As a husband and an expectant father, it’s natural to want the best possible care for your pregnant wife. But when the obstetrician she is currently seeing is intimidating and condescending towards you, it can be difficult to navigate. A man recently wondered if he was in the wrong for wanting his wife to switch doctors.
The man, who we’ll call Randolph, is 29 years old, and said that the obstetrician they have been seeing is physically imposing and has a hostile attitude towards him. He shared, “He is a really imposing guy, both physically (very tall and fit) and in terms of personality. He has had a really hostile and condescending attitude towards me since we first met for apparently no reason.”
The situation worsened as the doctor started treating him in a belittling way, making him feel like an idiot, and calling him by his last name in a cold and disrespectful manner. Randolph tried to voice his concerns to his wife, but she refused to switch doctors, stating that she liked the current obstetrician.
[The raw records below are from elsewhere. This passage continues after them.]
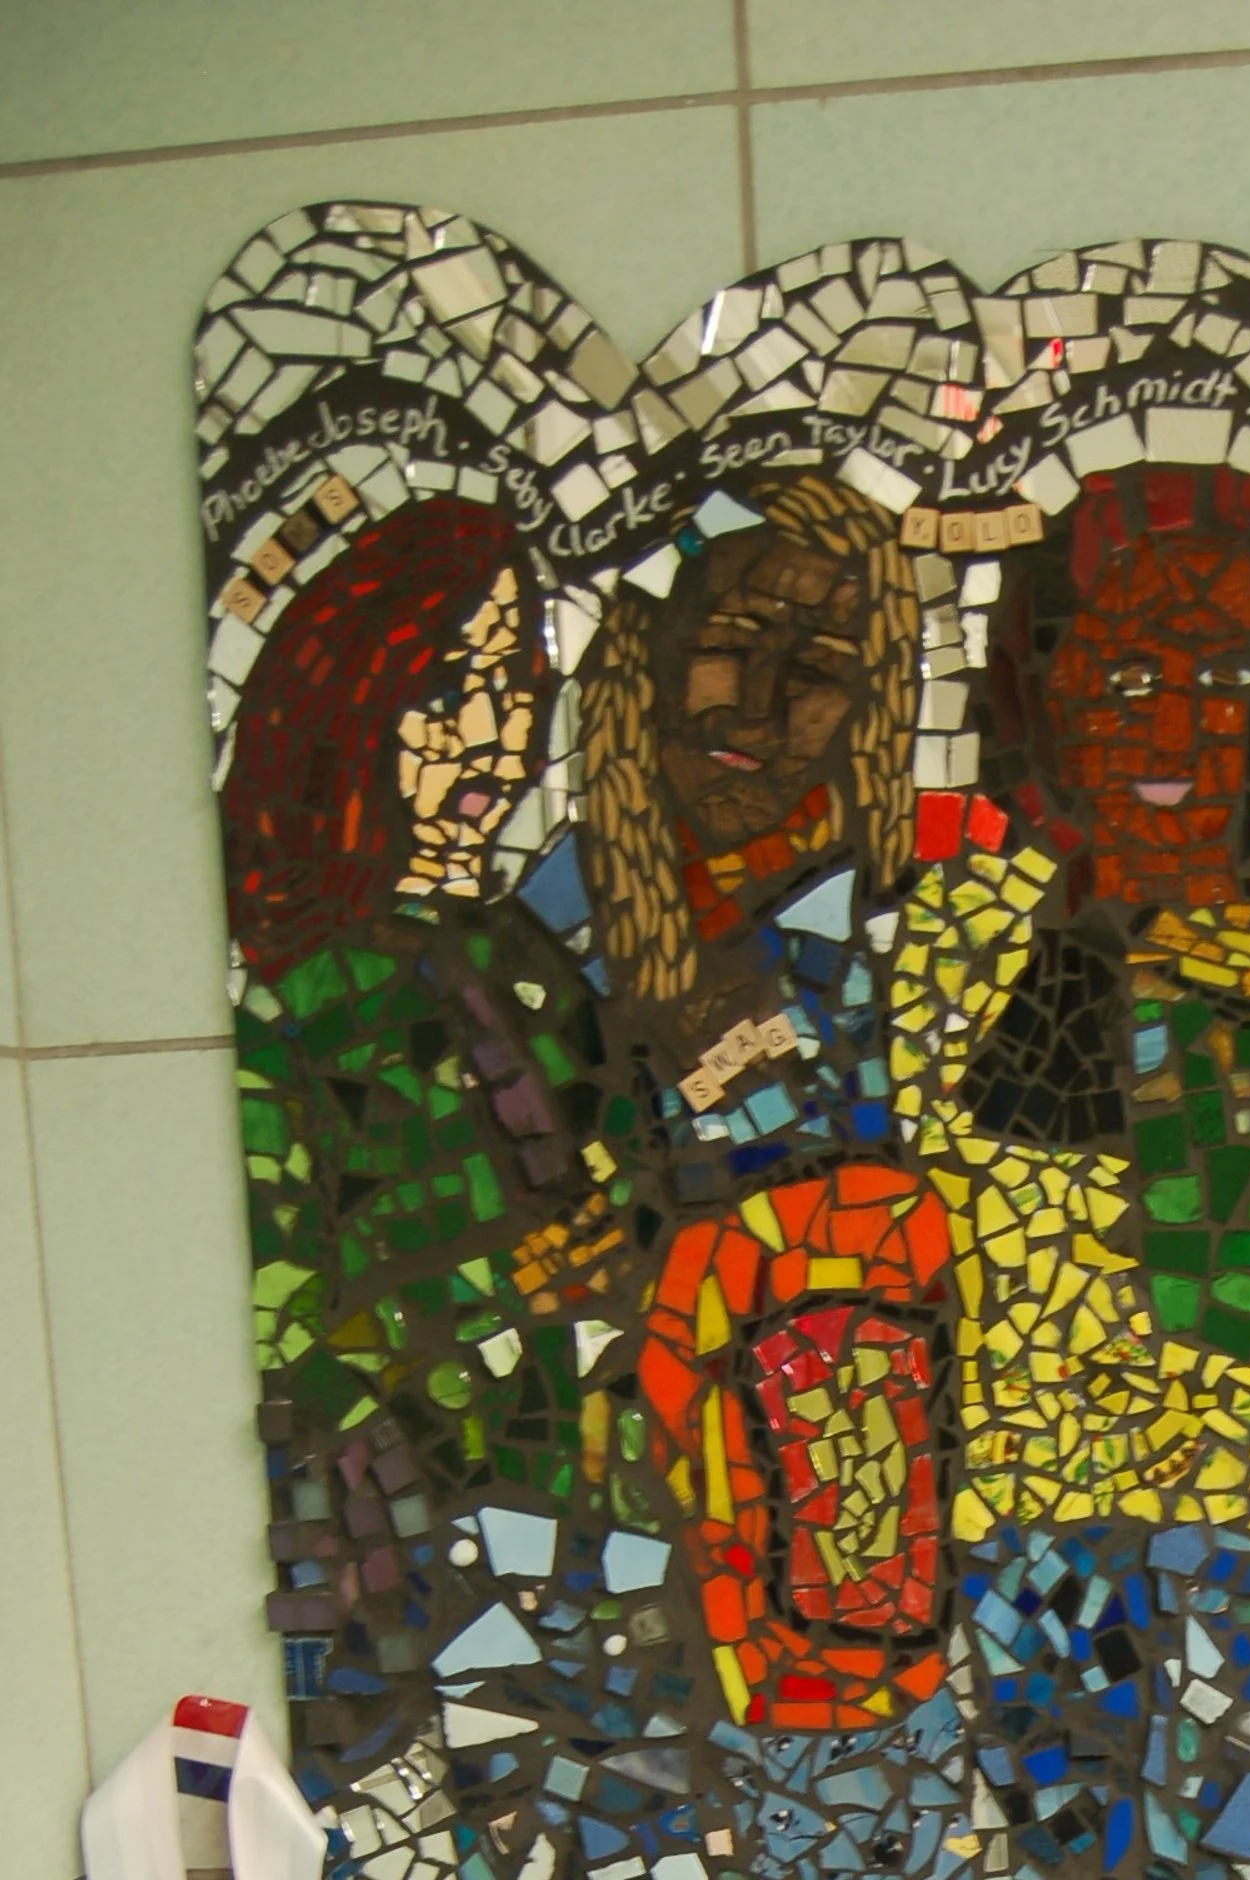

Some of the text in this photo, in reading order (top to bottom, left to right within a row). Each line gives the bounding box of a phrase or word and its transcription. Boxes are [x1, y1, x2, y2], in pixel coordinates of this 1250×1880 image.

[307, 395, 448, 457] Joseph
[803, 417, 925, 467] Taylor
[939, 370, 1238, 500] Lucy Schmidt
[549, 482, 674, 556] Clarke
[911, 513, 1031, 541] YOLO
[690, 1028, 786, 1098] SWAG
Randolph shared, “My wife seems to really like him. He always gives her compliments about how she looks and congratulates her for being so great at everything related to the pregnancy. I told my wife I wanted us to leave him and go to a different doctor but she is refusing. She says that changing would be stressful to her and that she doesn’t have any problem with him.”
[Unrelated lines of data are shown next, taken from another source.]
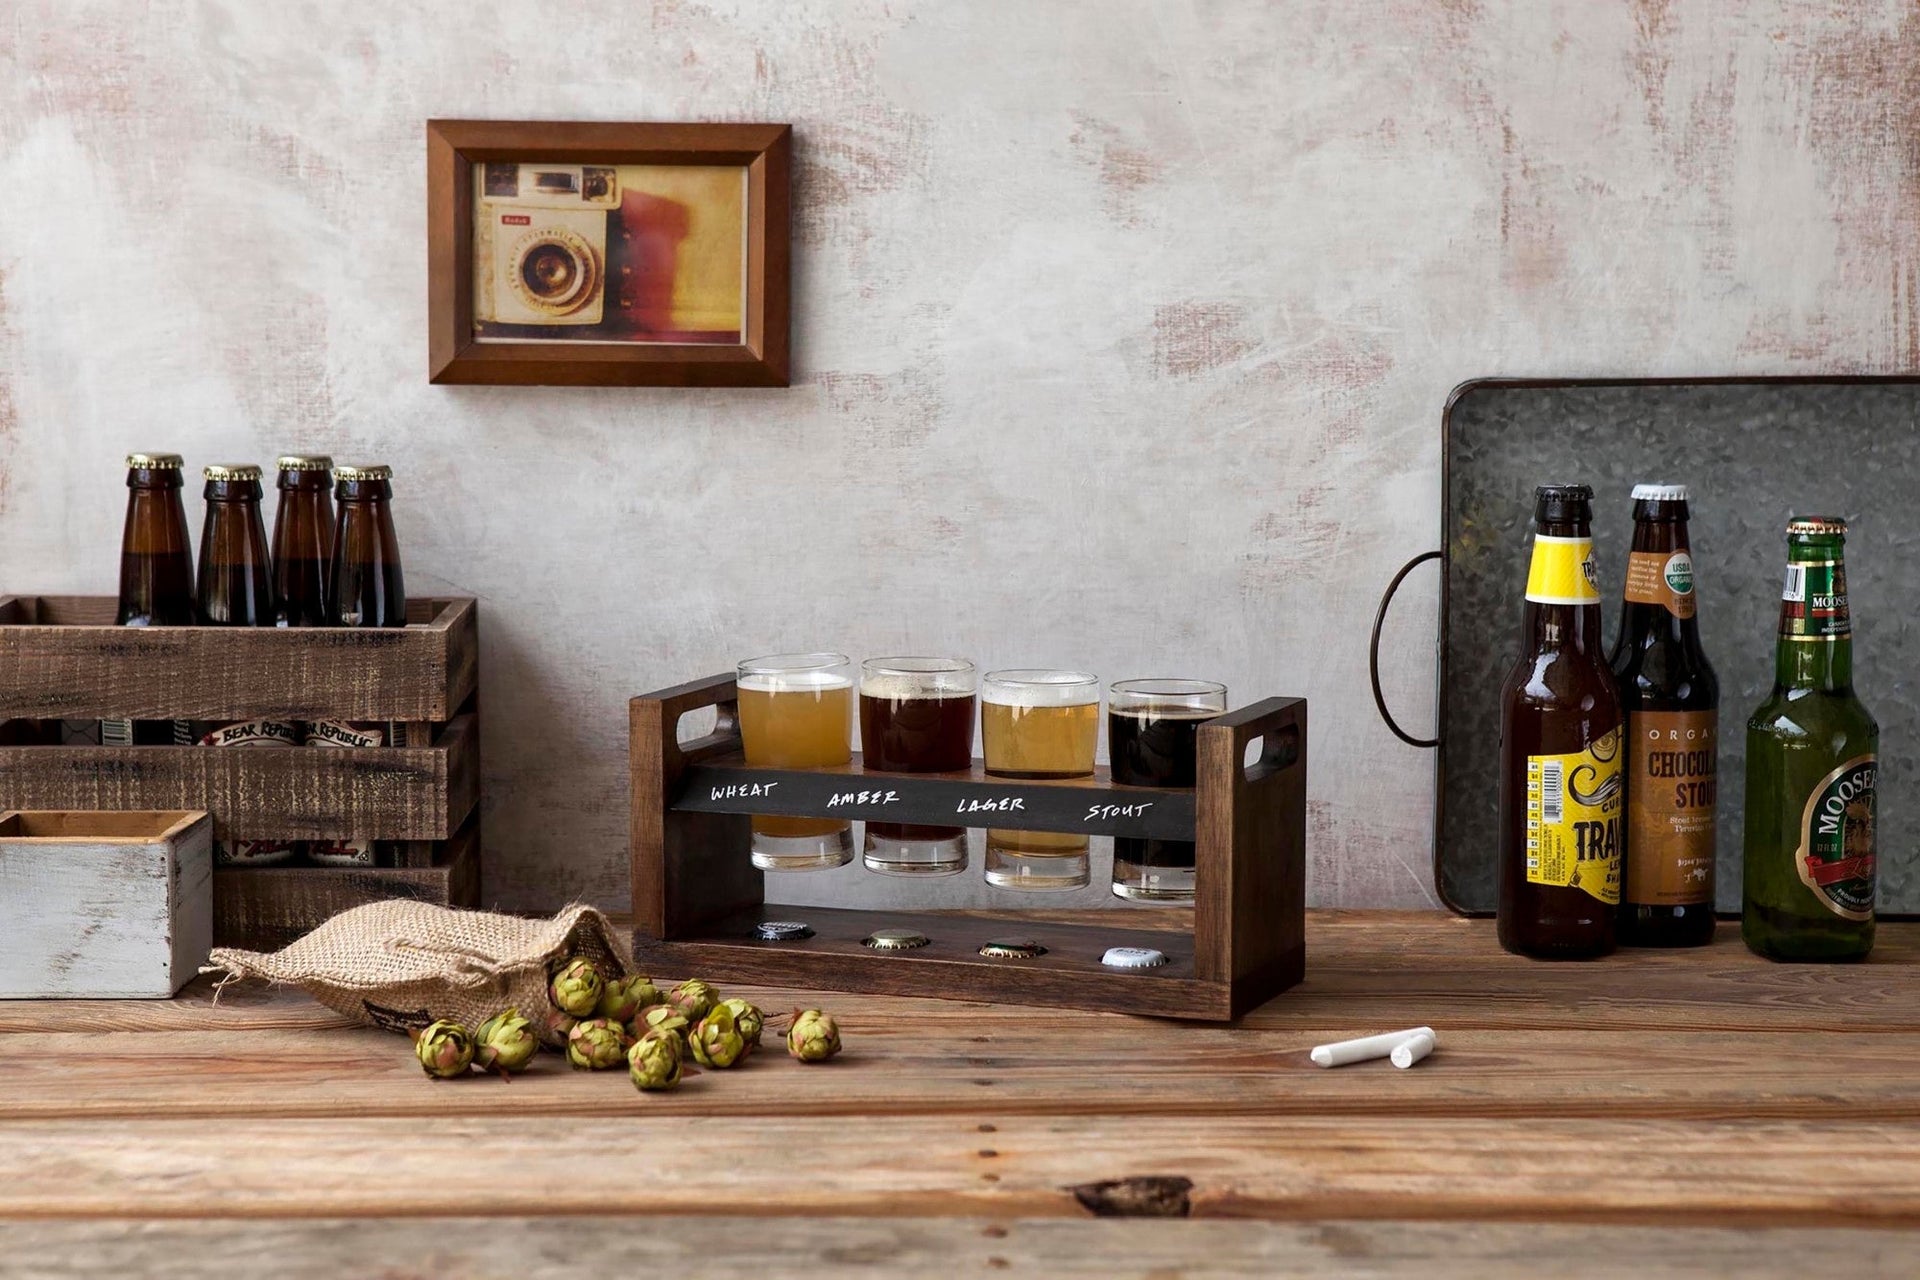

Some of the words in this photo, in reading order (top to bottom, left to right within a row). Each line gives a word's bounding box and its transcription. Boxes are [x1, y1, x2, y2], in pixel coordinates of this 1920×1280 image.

[1672, 562, 1690, 573] USDA
[222, 723, 257, 743] BEAR
[319, 722, 373, 748] REPUBLIC
[711, 782, 778, 800] WHEAT
[827, 790, 900, 808] AMBER
[957, 797, 1025, 813] LAGER
[1084, 802, 1153, 821] STOUT
Randolph’s wife argues that her feelings should be the only thing that matters because she is the pregnant one. However, Randolph thinks his wife is being ’emotional and irrational’ and feels that his voice should also be heard, especially since it is his child too.
Others Weigh In
Randolph’s question received a mix of responses from people. Some were on his side, while others felt that his wife should have the final say, given that it’s her body and her pregnancy. One person chimed in, “It’s her body, she gets to choose the doctor. You saying she’s ’emotional and irrational’ for having this boundary makes me think her doctor thinks poorly of you for a reason.”
Another woman, who is pregnant and a fitness instructor, shared their perspective, saying, “I’m 19 weeks pregnant and just reaching for my purse causes me unbearable pain. I’m a fitness instructor planning on working up until 40 weeks. I would roll my eyes at that doctor if I was [Randolph] but then just sit back and take the treatment. Why? Because his wife is growing a child, and will have to eventually birth that child. She deserves the team of her dreams.”
Many also pointed out that Randolph’s comfort with the doctor should not come at the expense of his wife’s comfort and care. One person shared, “My husband will be my support person during the birth of my child. I can’t imagine choosing a physician who treats my support person like garbage.”
Some people also questioned the husband’s motives, with one person stating, “It sounds like [Randolph] may have made up his mind about the doctor before actually meeting him. Did anyone else read the first lines and think that part of the problem was the OB being a larger guy than him?”
Despite the mixed responses, one common theme among the comments was that the wife’s comfort and care should be the top priority. As one woman pointed out, “As long as he’s medically competent and his wife likes the guy, [Randolph] should let his wife make the call. It’s a way to support her during a vulnerable time.”
While it’s understandable for the husband to want to feel comfortable with his wife’s obstetrician, it’s important to prioritize the wife’s comfort and care. The decision to change doctors should be made together, with both partners being open and honest about their concerns and feelings. The health and well-being of both the mother and the child should be the top priority, and the couple should work together to find a solution that works for both of them.
What would you have done in this situation?